Thursday, December 8, 2011

Another day, another security fail

This time, it's at another Dutch digital certificate issuer, Gement.

According to the story, the hacker gained access to one of the web servers through the PHPMyAdmin module. It does not appear that any certificates were compromised, but it's this type of breach that is completely preventable.

When will companies learn that they have to be proactive about security. Put password policies in place, and enforce them, preferably systematically when possible. AUDIT to make sure they are being followed. Make sure you have someone that follows the bug and defect lists for your major components. Patches and fixes are constantly being released. There is absolutely no reason to be running HTTP, FTP, or SSL services with known vulnerabilities.

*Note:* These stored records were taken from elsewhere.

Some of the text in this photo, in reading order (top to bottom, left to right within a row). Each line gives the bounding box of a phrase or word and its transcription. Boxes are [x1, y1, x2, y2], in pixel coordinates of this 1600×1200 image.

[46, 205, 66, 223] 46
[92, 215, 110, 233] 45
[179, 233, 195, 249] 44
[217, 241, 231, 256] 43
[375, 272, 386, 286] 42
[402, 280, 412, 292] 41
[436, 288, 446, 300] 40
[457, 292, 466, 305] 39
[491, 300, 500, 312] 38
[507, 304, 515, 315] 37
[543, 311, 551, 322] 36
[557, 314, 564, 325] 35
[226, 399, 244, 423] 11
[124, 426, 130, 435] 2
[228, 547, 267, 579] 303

That's just lazy and inexcusable.

Personally, if a company is running software or a configuration with widely known vulnerabilities, and have not made good faith efforts to mitigate (either by changing the config or patching the software) the problem, and customer information is compromised, they should absolutely be liable at law for the breach.

For the individual, don't just rely on the little lock symbol, or color-coding, or whatever other visual indicators your browser is giving you. You are also responsible for protecting yourself. Make sure that the URL is one you recognize, and where you mean to be. Make sure you have anti-virus software at a bare minimum. You should also strongly consider malware and adware software, and even a phishing filter. Most of these products are available as packages or suites, and there are some excellent free alternatives out there.

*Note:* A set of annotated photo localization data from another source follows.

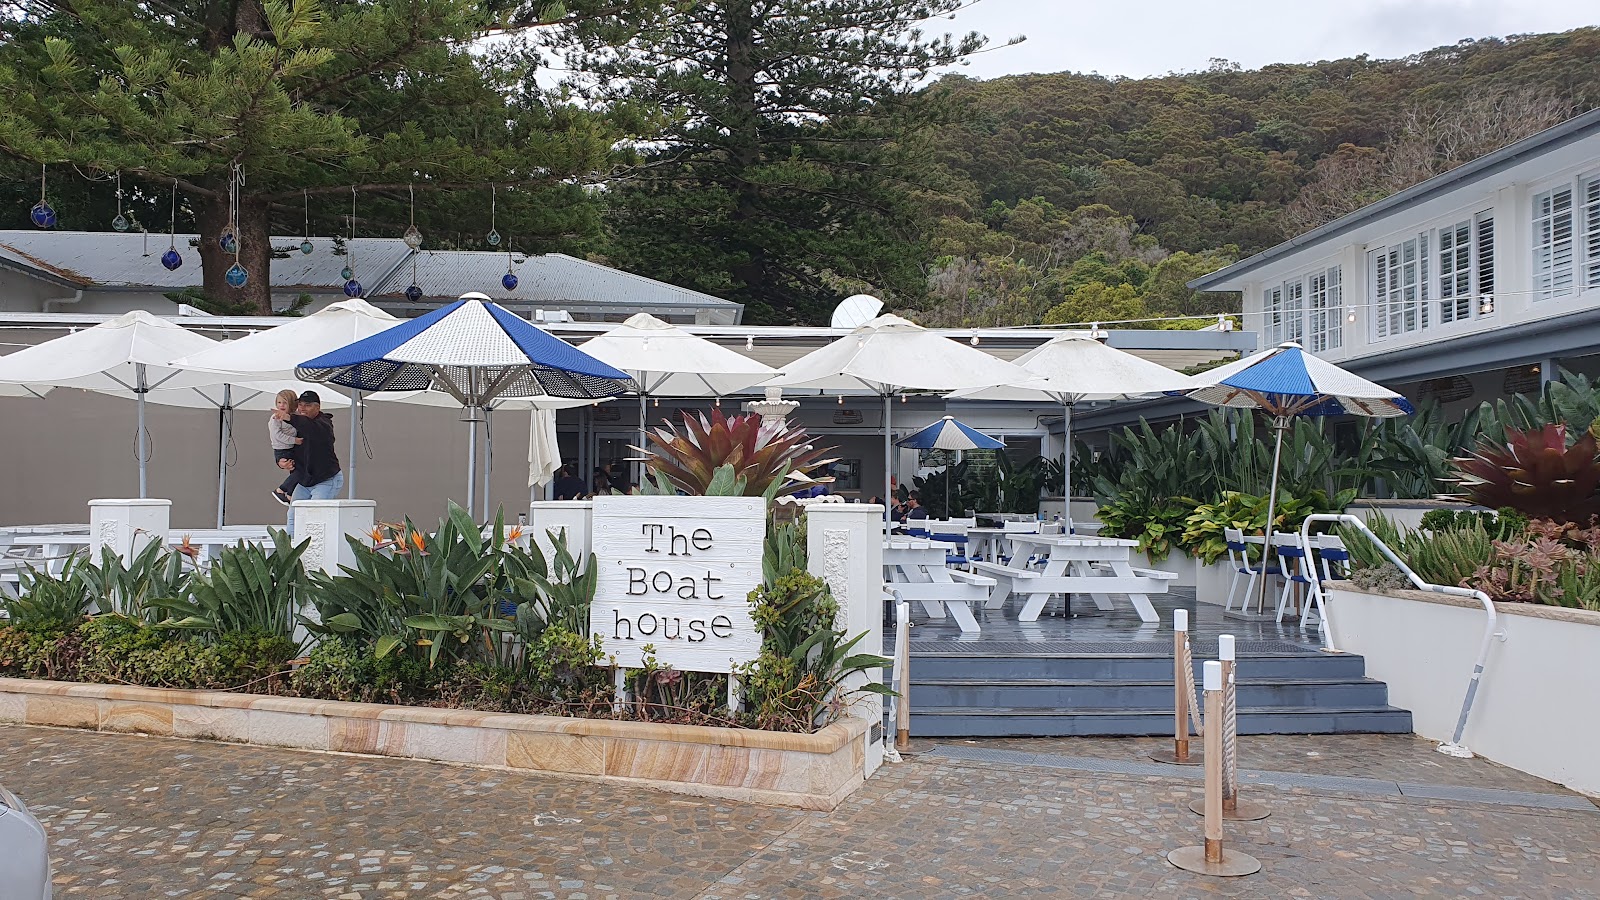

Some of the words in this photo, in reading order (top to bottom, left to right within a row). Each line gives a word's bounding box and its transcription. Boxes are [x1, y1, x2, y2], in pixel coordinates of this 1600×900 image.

[642, 523, 713, 556] The
[625, 567, 724, 600] Boat
[612, 609, 734, 643] house
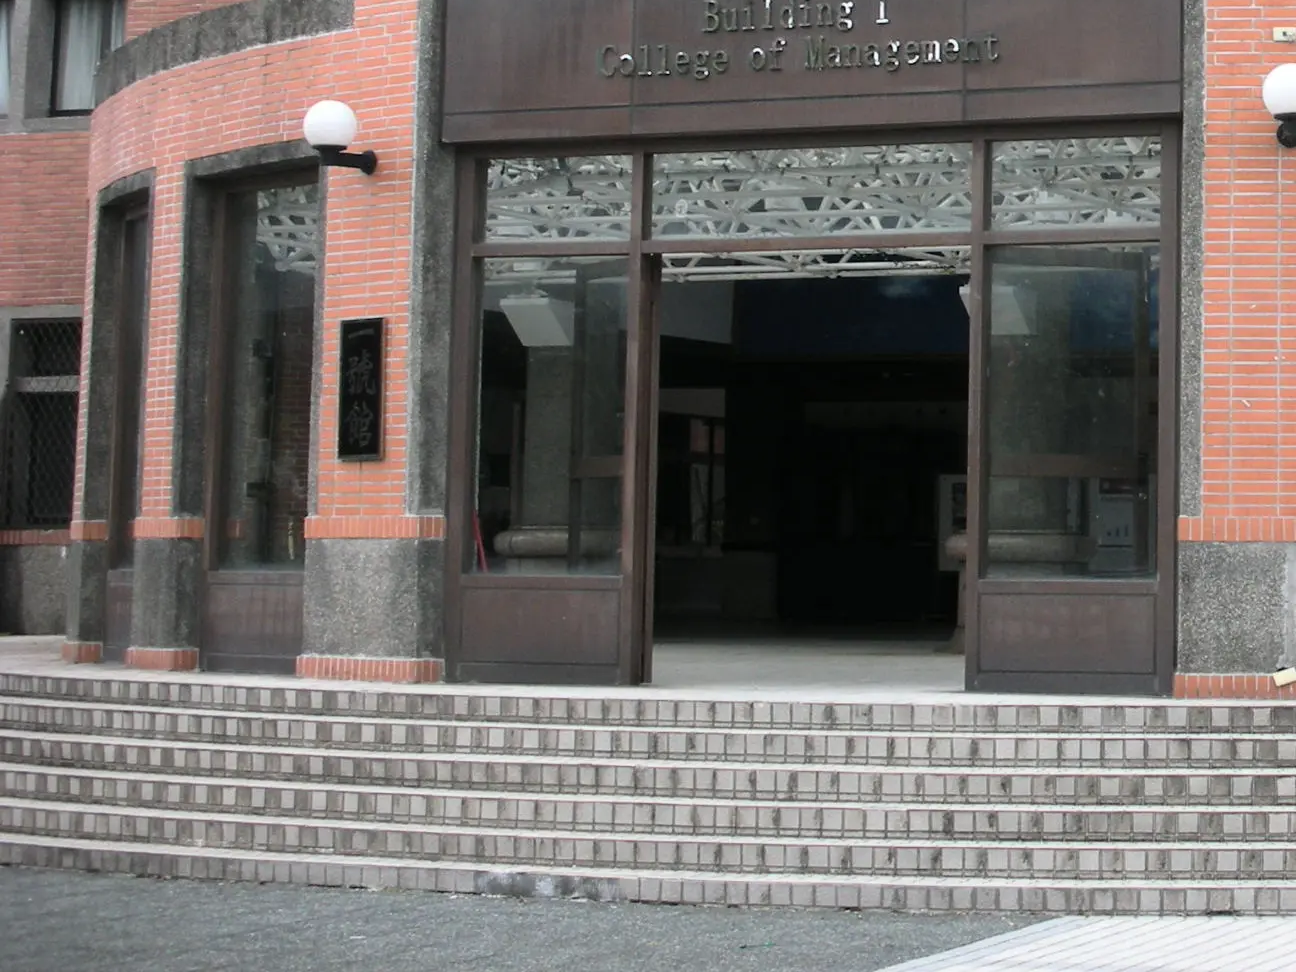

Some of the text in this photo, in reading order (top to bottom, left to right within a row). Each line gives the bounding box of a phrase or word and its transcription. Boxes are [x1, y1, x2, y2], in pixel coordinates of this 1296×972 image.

[600, 33, 1001, 80] College of Management
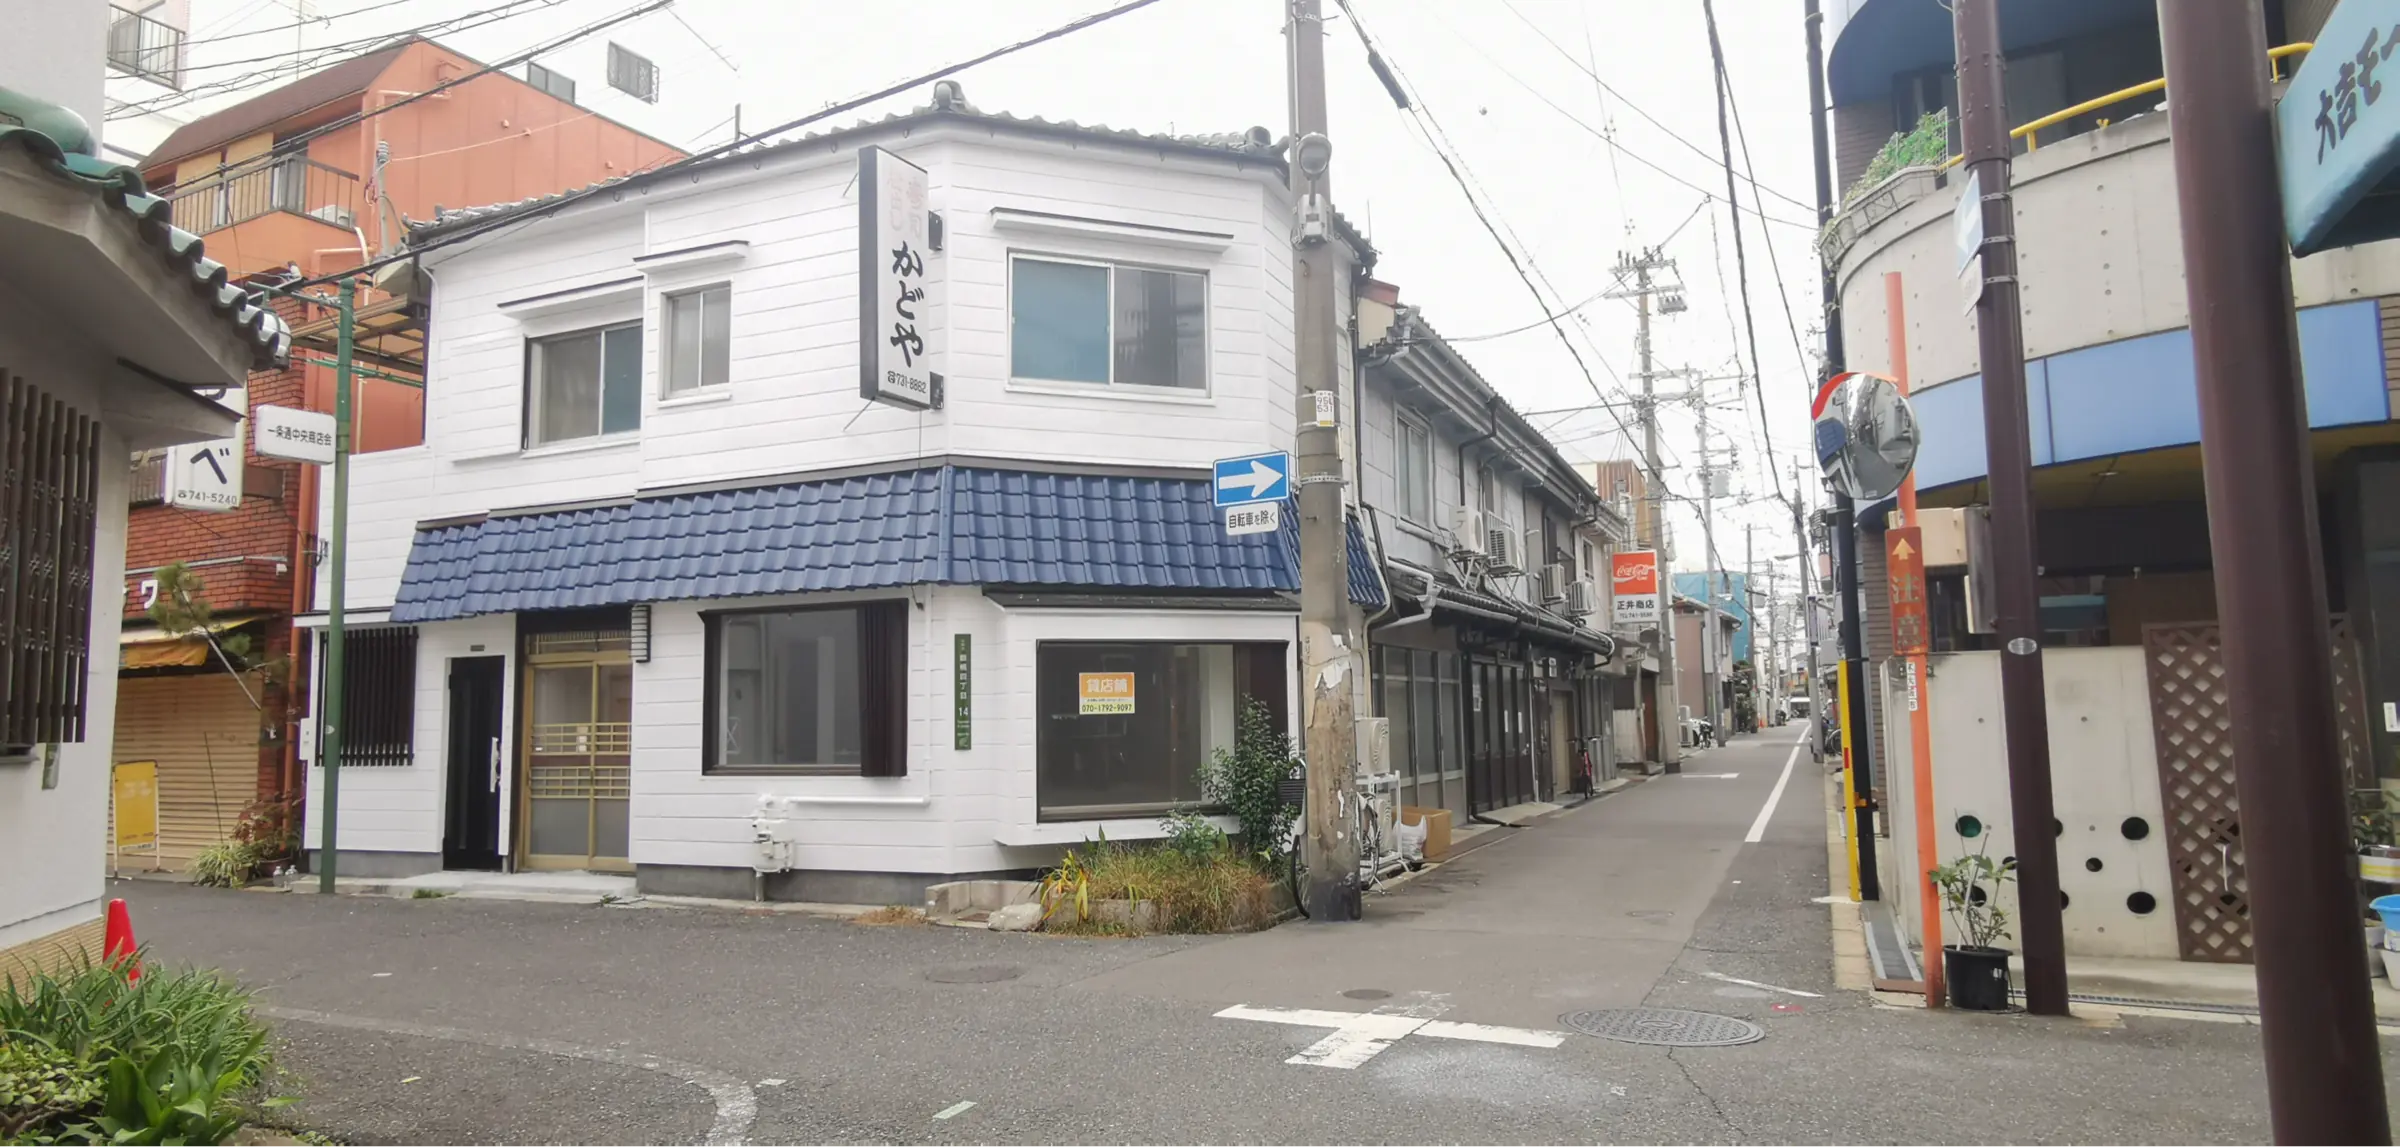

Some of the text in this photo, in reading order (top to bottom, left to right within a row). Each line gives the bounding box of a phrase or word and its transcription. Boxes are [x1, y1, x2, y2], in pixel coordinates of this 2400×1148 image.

[890, 240, 925, 368] かどや
[267, 425, 333, 446] 一条通中央商店会
[188, 490, 237, 505] 741-5240
[1229, 510, 1276, 528] 自転車を除く
[1616, 600, 1655, 611] 正井商店
[1086, 678, 1128, 693] 貸店舗
[958, 706, 969, 717] 14
[1081, 703, 1133, 713] 070-1792-9097

Oh, and you're regularly changing your passwords, right?

Oh, and you're not using the same password on multiple different systems, right?

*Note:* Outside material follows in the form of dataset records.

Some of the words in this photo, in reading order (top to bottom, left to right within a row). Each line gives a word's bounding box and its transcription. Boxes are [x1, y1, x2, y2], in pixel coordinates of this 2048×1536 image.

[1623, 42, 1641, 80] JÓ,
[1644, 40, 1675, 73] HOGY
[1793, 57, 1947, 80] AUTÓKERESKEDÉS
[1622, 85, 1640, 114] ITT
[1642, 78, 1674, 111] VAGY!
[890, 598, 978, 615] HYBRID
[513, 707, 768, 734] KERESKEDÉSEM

Yeah, I know keeping up with all of your passwords is a pain, but there are password vaults and crypts available to help you manage that.

Trust me, keeping up with 50 passwords is less of a pain than dealing with 50 different compromised accounts all because you shared passwords amongst them.

1 comment:

  1. Unfortunately, my company has instituted a password policy that demonstrably makes them significantly less secure, by imposing asinine max length caps and character requirements.